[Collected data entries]
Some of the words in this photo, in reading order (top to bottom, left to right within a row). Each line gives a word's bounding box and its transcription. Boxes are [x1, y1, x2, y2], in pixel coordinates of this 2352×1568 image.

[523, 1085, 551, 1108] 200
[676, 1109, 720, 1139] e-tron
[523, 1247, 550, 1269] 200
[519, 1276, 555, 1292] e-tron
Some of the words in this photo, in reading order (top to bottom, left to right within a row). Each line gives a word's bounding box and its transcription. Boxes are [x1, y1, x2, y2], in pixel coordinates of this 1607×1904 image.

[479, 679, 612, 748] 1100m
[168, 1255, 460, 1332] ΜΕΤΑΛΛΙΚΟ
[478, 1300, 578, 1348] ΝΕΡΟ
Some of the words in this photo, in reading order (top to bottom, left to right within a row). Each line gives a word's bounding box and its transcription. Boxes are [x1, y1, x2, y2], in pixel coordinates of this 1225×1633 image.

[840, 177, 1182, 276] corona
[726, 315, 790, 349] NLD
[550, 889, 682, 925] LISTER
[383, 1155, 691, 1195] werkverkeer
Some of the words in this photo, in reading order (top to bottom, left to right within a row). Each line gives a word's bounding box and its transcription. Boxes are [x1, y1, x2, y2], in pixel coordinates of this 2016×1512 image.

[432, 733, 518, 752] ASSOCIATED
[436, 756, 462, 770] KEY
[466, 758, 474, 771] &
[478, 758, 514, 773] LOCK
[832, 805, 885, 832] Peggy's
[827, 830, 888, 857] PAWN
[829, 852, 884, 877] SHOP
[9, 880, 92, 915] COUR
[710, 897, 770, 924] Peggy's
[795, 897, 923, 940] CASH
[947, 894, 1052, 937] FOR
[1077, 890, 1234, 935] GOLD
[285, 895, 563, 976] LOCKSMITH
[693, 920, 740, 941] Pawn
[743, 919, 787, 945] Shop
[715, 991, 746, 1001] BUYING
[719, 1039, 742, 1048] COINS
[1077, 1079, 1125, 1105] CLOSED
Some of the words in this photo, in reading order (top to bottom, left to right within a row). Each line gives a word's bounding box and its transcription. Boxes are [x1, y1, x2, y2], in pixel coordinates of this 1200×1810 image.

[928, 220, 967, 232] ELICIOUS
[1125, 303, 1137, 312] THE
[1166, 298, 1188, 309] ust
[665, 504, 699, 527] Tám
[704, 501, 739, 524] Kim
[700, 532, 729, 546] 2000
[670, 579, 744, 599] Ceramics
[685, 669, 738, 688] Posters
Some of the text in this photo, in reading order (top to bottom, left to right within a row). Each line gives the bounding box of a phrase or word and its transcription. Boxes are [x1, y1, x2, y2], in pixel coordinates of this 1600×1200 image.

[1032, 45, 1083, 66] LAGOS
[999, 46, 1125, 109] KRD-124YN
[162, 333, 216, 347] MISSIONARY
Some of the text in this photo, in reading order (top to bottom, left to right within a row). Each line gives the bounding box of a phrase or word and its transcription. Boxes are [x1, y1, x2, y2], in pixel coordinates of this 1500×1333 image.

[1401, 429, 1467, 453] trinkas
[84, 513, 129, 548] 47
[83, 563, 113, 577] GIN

[ABOUT THIS TASK]:
This calls for all of the entries above, repeated exactly.

[ANSWER FOR THE TASK]:
Some of the words in this photo, in reading order (top to bottom, left to right within a row). Each line gives a word's bounding box and its transcription. Boxes are [x1, y1, x2, y2], in pixel coordinates of this 2352×1568 image.

[523, 1085, 551, 1108] 200
[676, 1109, 720, 1139] e-tron
[523, 1247, 550, 1269] 200
[519, 1276, 555, 1292] e-tron
Some of the words in this photo, in reading order (top to bottom, left to right within a row). Each line gives a word's bounding box and its transcription. Boxes are [x1, y1, x2, y2], in pixel coordinates of this 1607×1904 image.

[479, 679, 612, 748] 1100m
[168, 1255, 460, 1332] ΜΕΤΑΛΛΙΚΟ
[478, 1300, 578, 1348] ΝΕΡΟ
Some of the words in this photo, in reading order (top to bottom, left to right within a row). Each line gives a word's bounding box and its transcription. Boxes are [x1, y1, x2, y2], in pixel coordinates of this 1225×1633 image.

[840, 177, 1182, 276] corona
[726, 315, 790, 349] NLD
[550, 889, 682, 925] LISTER
[383, 1155, 691, 1195] werkverkeer
Some of the words in this photo, in reading order (top to bottom, left to right within a row). Each line gives a word's bounding box and its transcription. Boxes are [x1, y1, x2, y2], in pixel coordinates of this 2016×1512 image.

[432, 733, 518, 752] ASSOCIATED
[436, 756, 462, 770] KEY
[466, 758, 474, 771] &
[478, 758, 514, 773] LOCK
[832, 805, 885, 832] Peggy's
[827, 830, 888, 857] PAWN
[829, 852, 884, 877] SHOP
[9, 880, 92, 915] COUR
[710, 897, 770, 924] Peggy's
[795, 897, 923, 940] CASH
[947, 894, 1052, 937] FOR
[1077, 890, 1234, 935] GOLD
[285, 895, 563, 976] LOCKSMITH
[693, 920, 740, 941] Pawn
[743, 919, 787, 945] Shop
[715, 991, 746, 1001] BUYING
[719, 1039, 742, 1048] COINS
[1077, 1079, 1125, 1105] CLOSED
Some of the words in this photo, in reading order (top to bottom, left to right within a row). Each line gives a word's bounding box and its transcription. Boxes are [x1, y1, x2, y2], in pixel coordinates of this 1200×1810 image.

[928, 220, 967, 232] ELICIOUS
[1125, 303, 1137, 312] THE
[1166, 298, 1188, 309] ust
[665, 504, 699, 527] Tám
[704, 501, 739, 524] Kim
[700, 532, 729, 546] 2000
[670, 579, 744, 599] Ceramics
[685, 669, 738, 688] Posters
Some of the text in this photo, in reading order (top to bottom, left to right within a row). Each line gives the bounding box of a phrase or word and its transcription. Boxes are [x1, y1, x2, y2], in pixel coordinates of this 1600×1200 image.

[1032, 45, 1083, 66] LAGOS
[999, 46, 1125, 109] KRD-124YN
[162, 333, 216, 347] MISSIONARY
Some of the text in this photo, in reading order (top to bottom, left to right within a row). Each line gives the bounding box of a phrase or word and its transcription. Boxes are [x1, y1, x2, y2], in pixel coordinates of this 1500×1333 image.

[1401, 429, 1467, 453] trinkas
[84, 513, 129, 548] 47
[83, 563, 113, 577] GIN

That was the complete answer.